- _Exercise requirements_
For this exercise, copy the records below exactly and exclude every image.

- _Provided records_
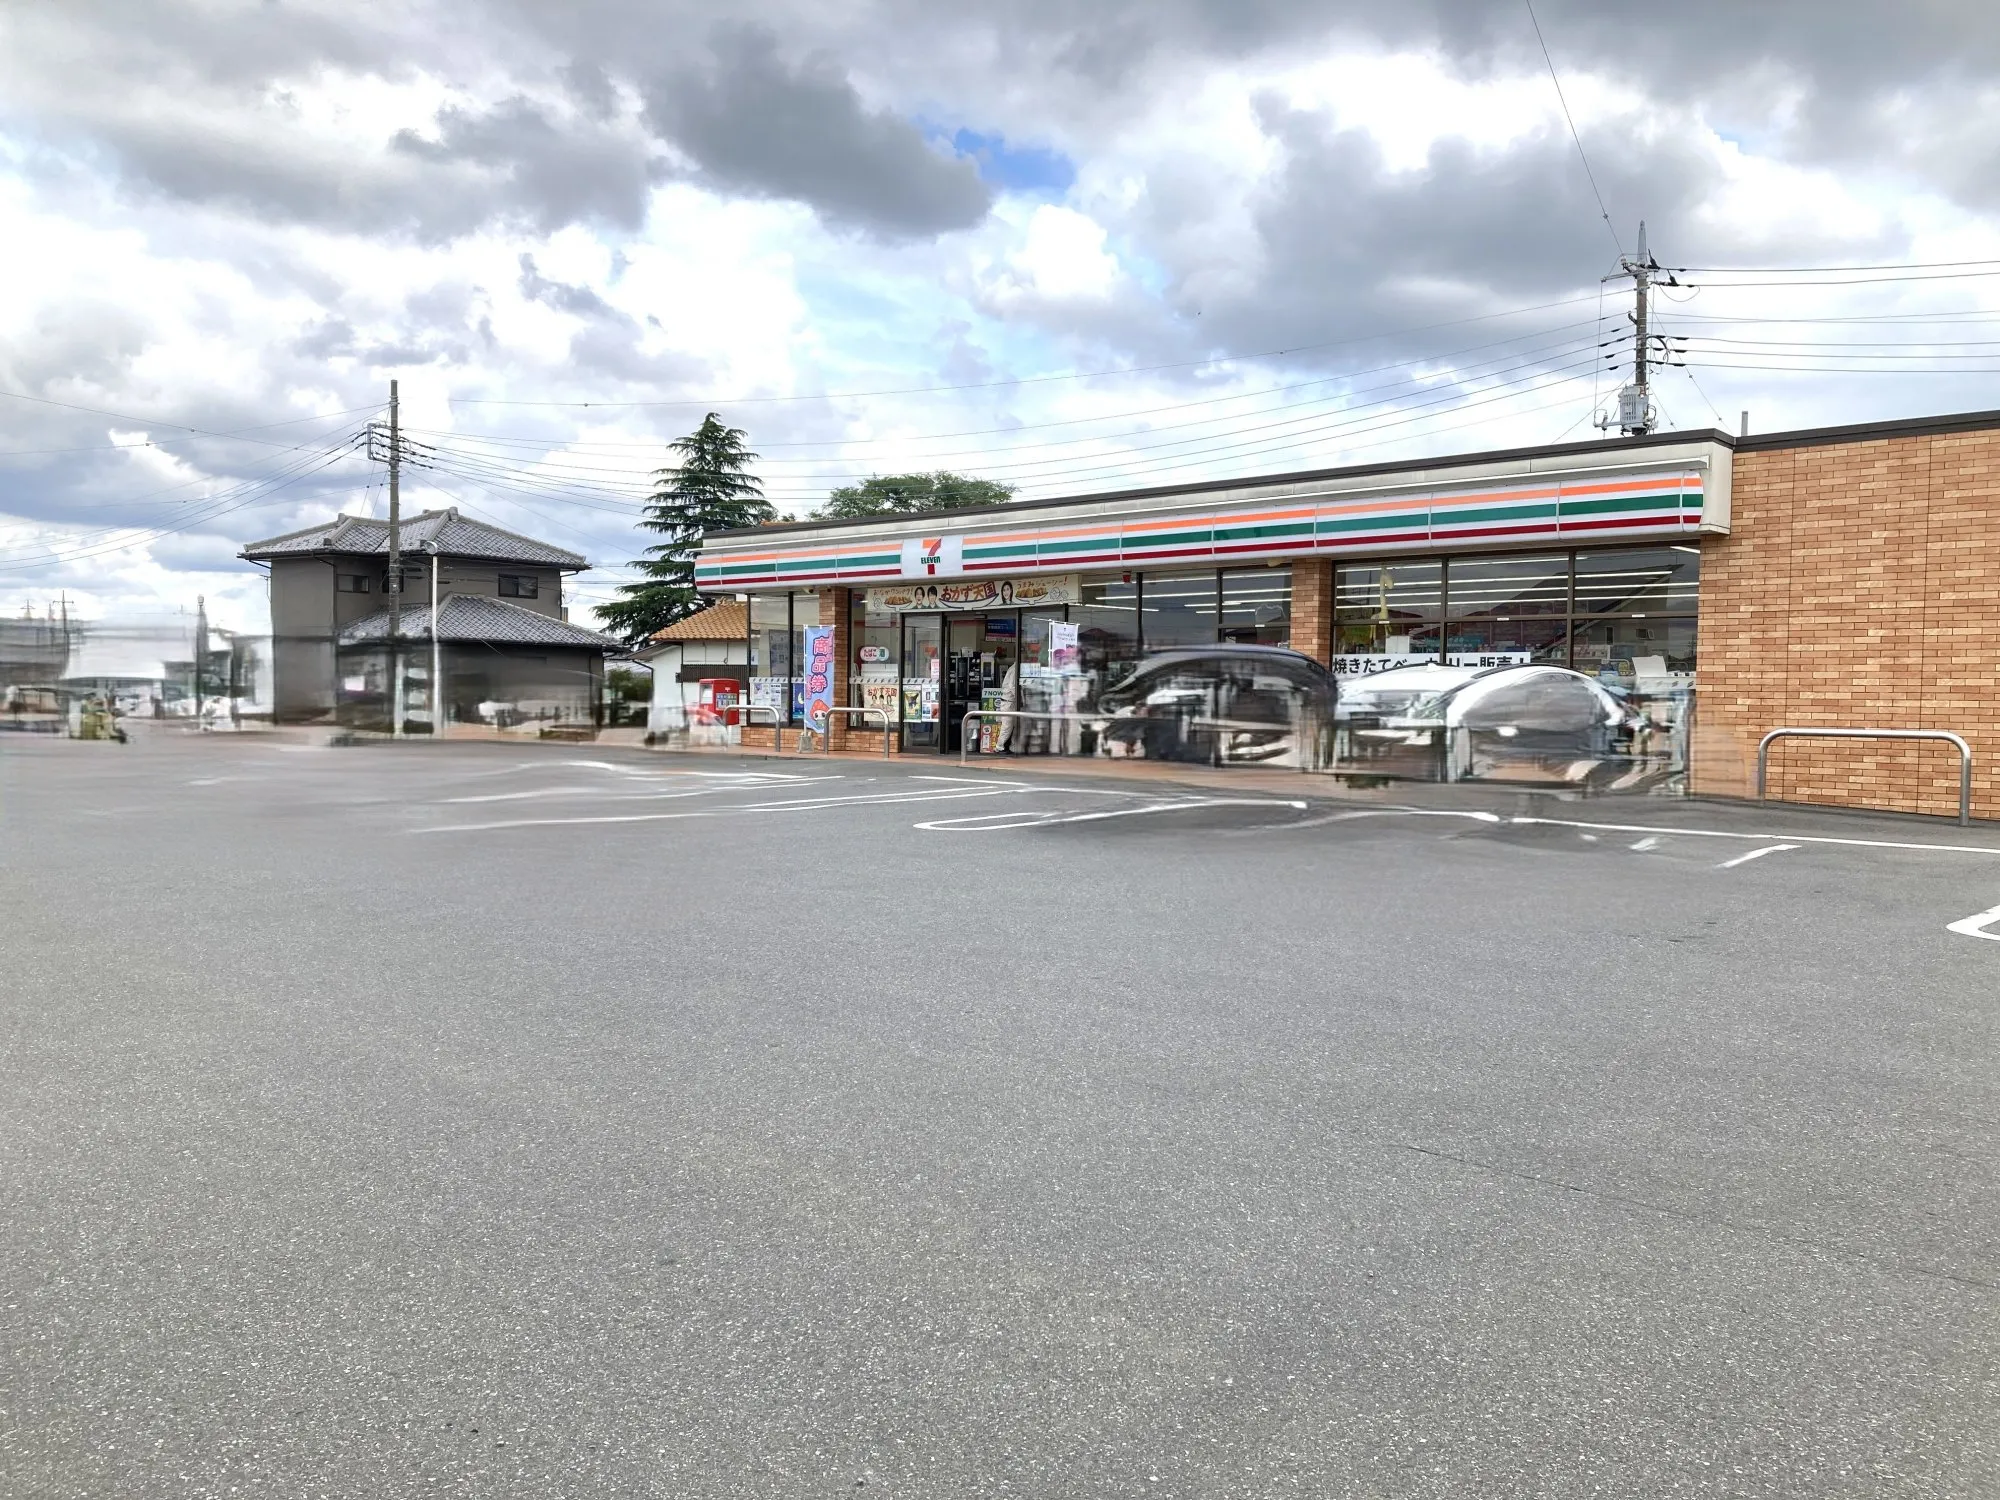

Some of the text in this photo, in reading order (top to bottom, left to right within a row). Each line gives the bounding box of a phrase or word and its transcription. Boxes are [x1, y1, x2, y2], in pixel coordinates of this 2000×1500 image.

[922, 538, 942, 575] 7
[940, 581, 996, 601] おかず天国
[863, 648, 877, 658] たばこ
[811, 637, 829, 693] 商品券
[1333, 655, 1525, 674] 焼きたてベリー販売
[867, 687, 897, 697] おかず天国
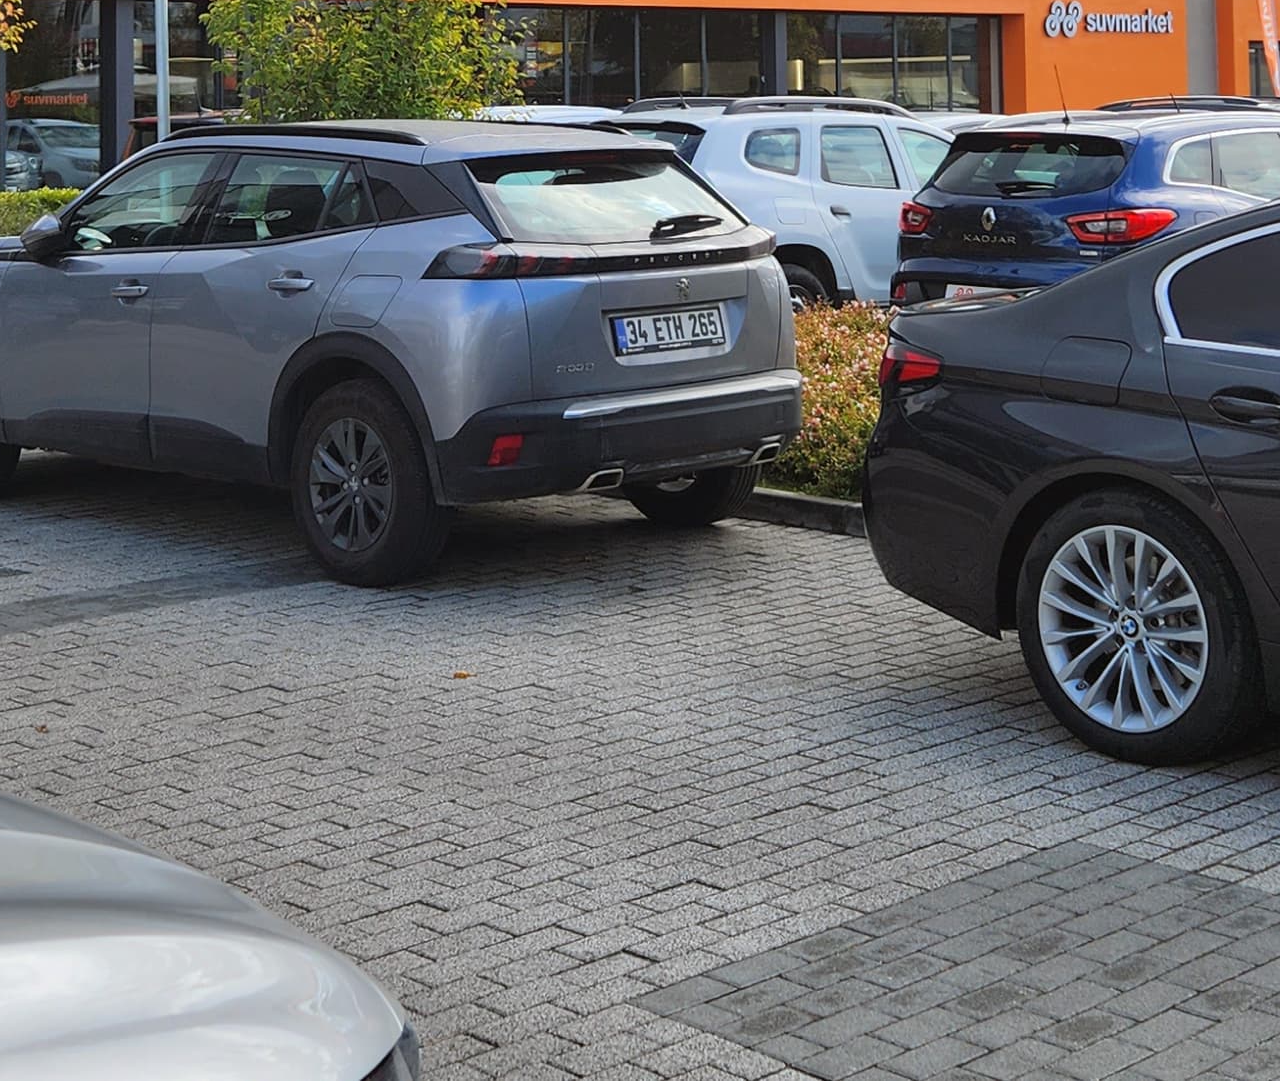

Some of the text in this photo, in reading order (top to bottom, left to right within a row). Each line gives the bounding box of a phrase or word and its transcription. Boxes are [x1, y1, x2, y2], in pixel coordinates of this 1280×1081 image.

[1085, 8, 1174, 34] suvmarket
[626, 312, 719, 345] 34 ETH 265
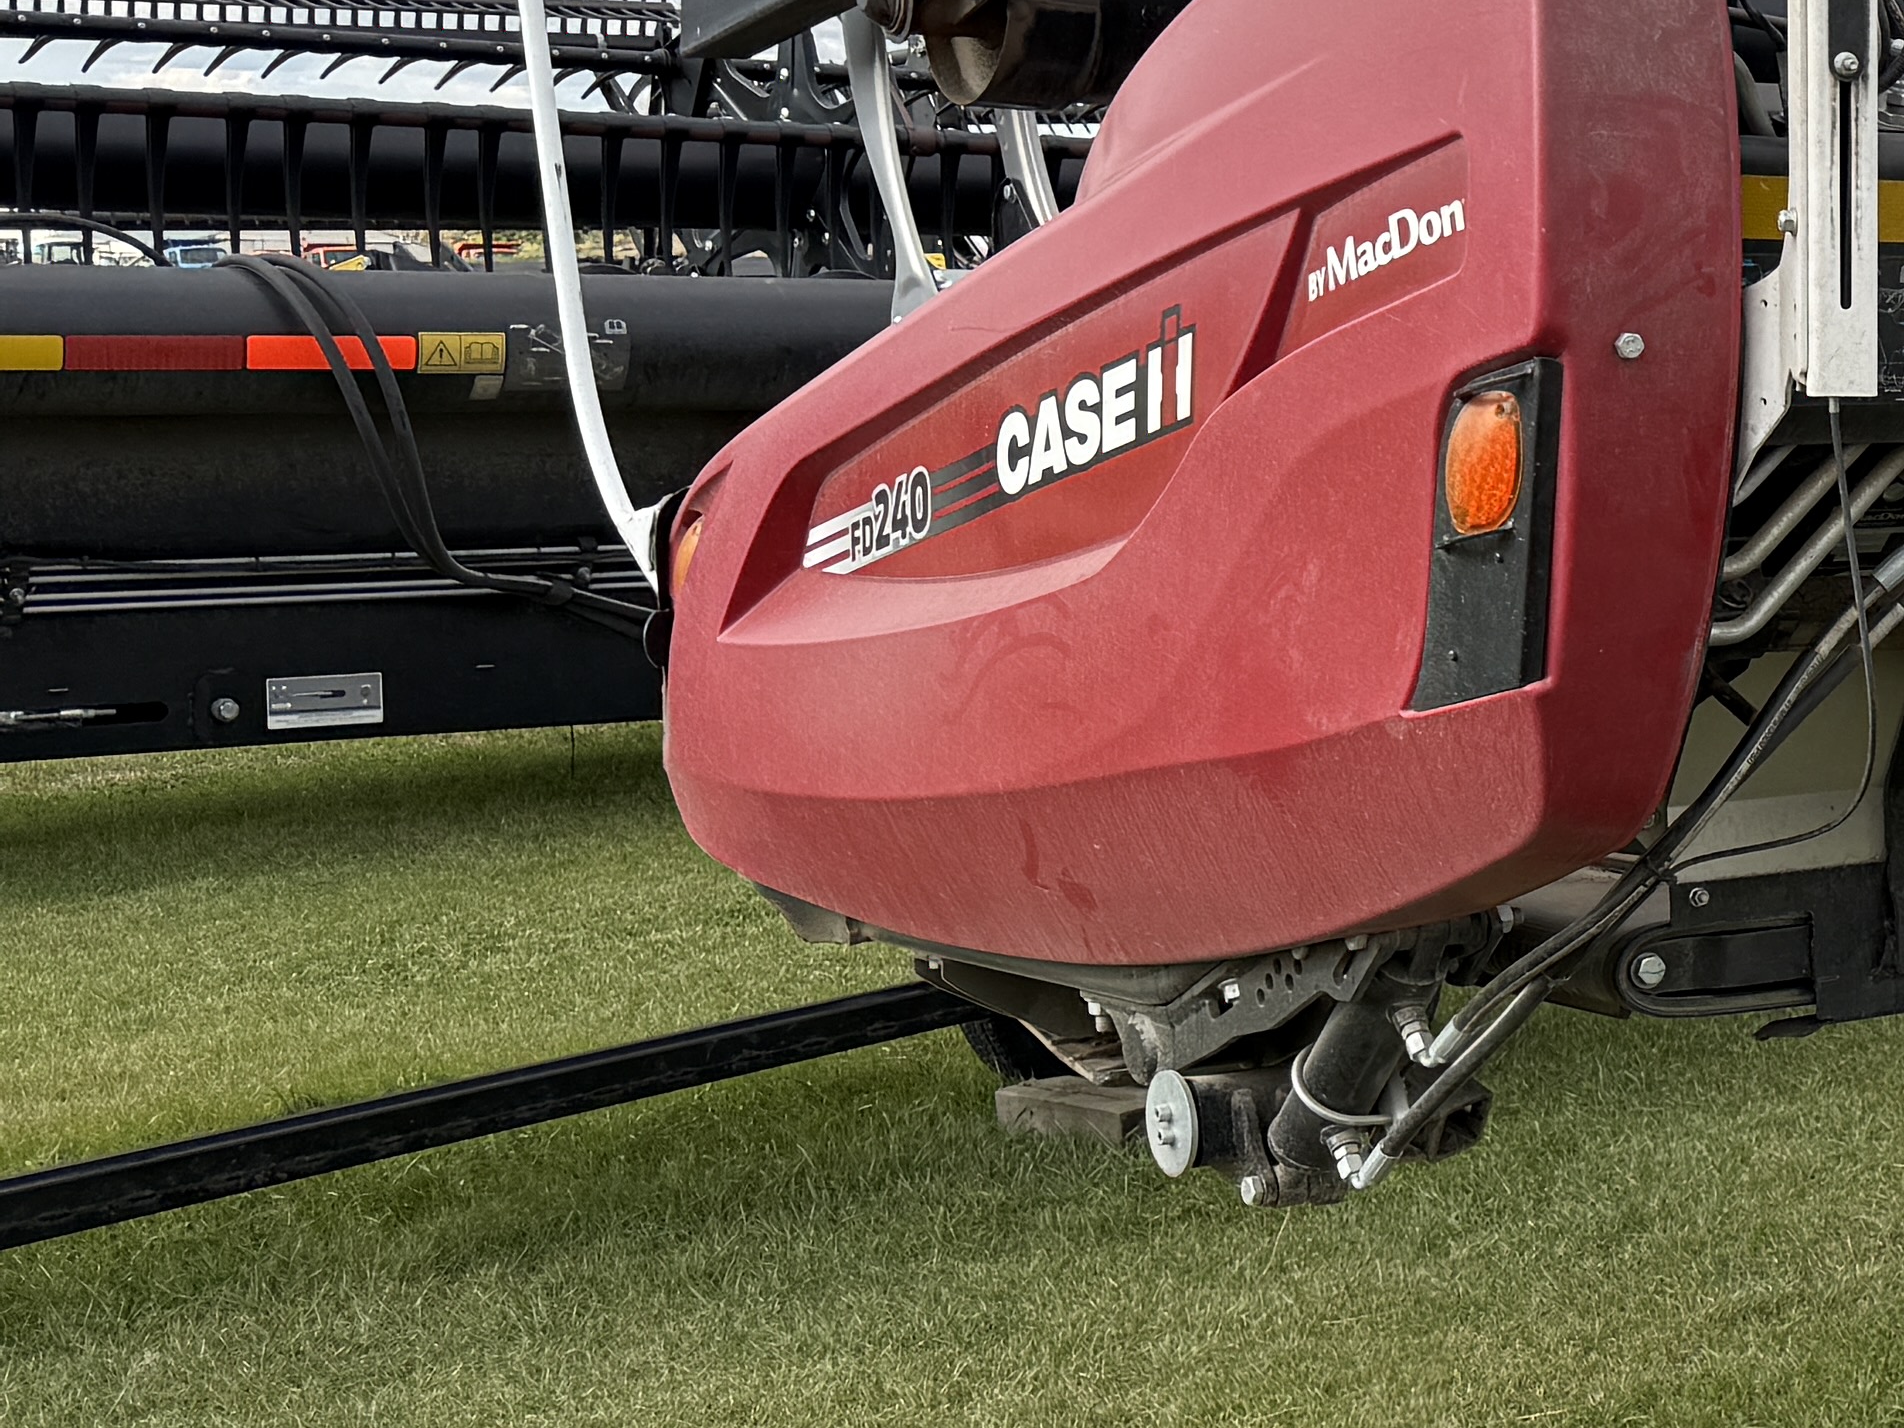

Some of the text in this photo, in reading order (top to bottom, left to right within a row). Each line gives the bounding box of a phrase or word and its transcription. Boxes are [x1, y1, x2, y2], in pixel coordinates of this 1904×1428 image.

[1308, 200, 1467, 302] BY MacDon
[849, 467, 931, 563] FD240
[996, 356, 1138, 496] CASE
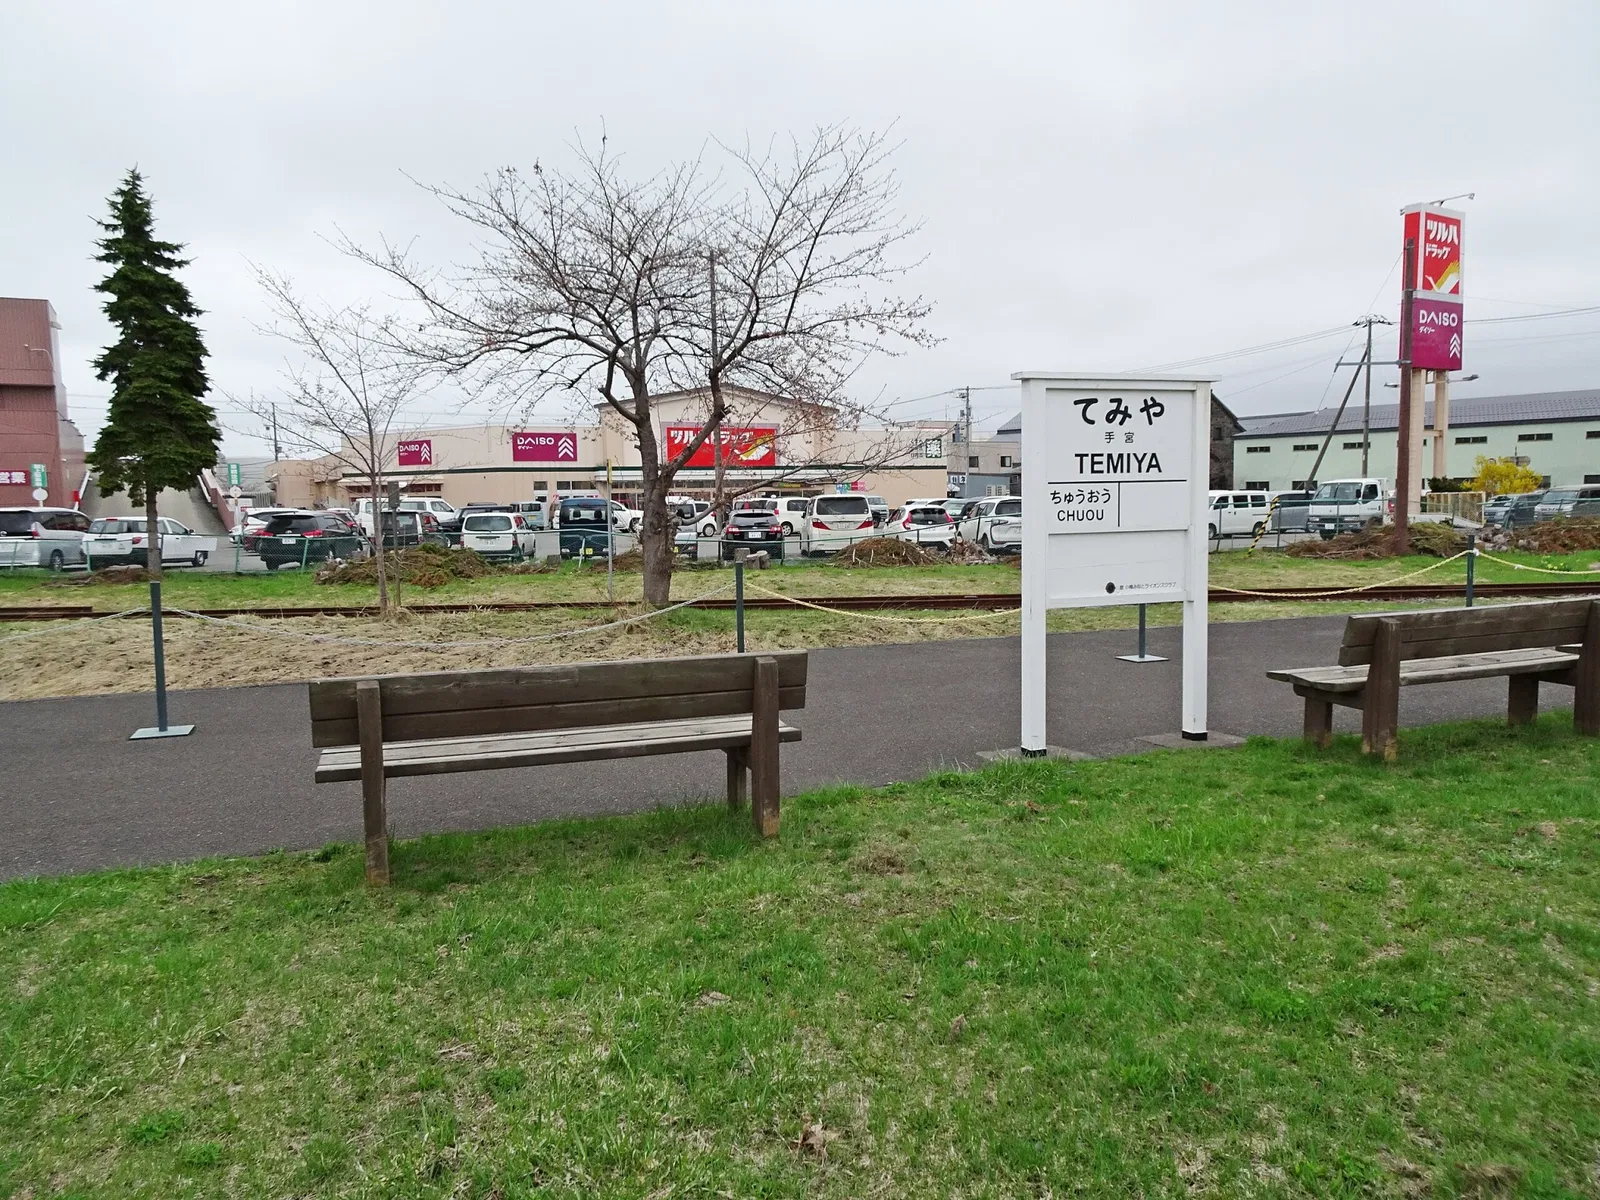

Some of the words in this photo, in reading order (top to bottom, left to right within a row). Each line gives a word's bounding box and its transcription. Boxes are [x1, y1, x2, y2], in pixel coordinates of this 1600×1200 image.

- _Response box_
Some of the text in this photo, in reading order (top to bottom, left to right within a row). Each line gives the bounding box of a phrase or word and its transcription. Boxes are [x1, y1, x2, y2], in pixel coordinates of this 2000×1500 image.

[922, 538, 942, 575] 7
[940, 581, 996, 601] おかず天国
[863, 648, 877, 658] たばこ
[811, 637, 829, 693] 商品券
[1333, 655, 1525, 674] 焼きたてベリー販売
[867, 687, 897, 697] おかず天国

Some of the text in this photo, in reading order (top to bottom, left to right within a row). Each line gives the bounding box of a phrase or word and its transcription. Boxes are [x1, y1, x2, y2], in pixel coordinates of this 1280×1081 image.

[1085, 8, 1174, 34] suvmarket
[626, 312, 719, 345] 34 ETH 265

Some of the text in this photo, in reading order (top to bottom, left to right within a row). Each line gives the bounding box of a phrase or word and its transcription. Boxes are [x1, y1, x2, y2], in pixel coordinates of this 1904×1428 image.

[1308, 200, 1467, 302] BY MacDon
[849, 467, 931, 563] FD240
[996, 356, 1138, 496] CASE

Some of the words in this photo, in reading order (top to bottom, left to right within a row). Each line gives a word's bounding box and its transcription. Boxes are [x1, y1, x2, y2], in pixel coordinates of this 1600×1200 image.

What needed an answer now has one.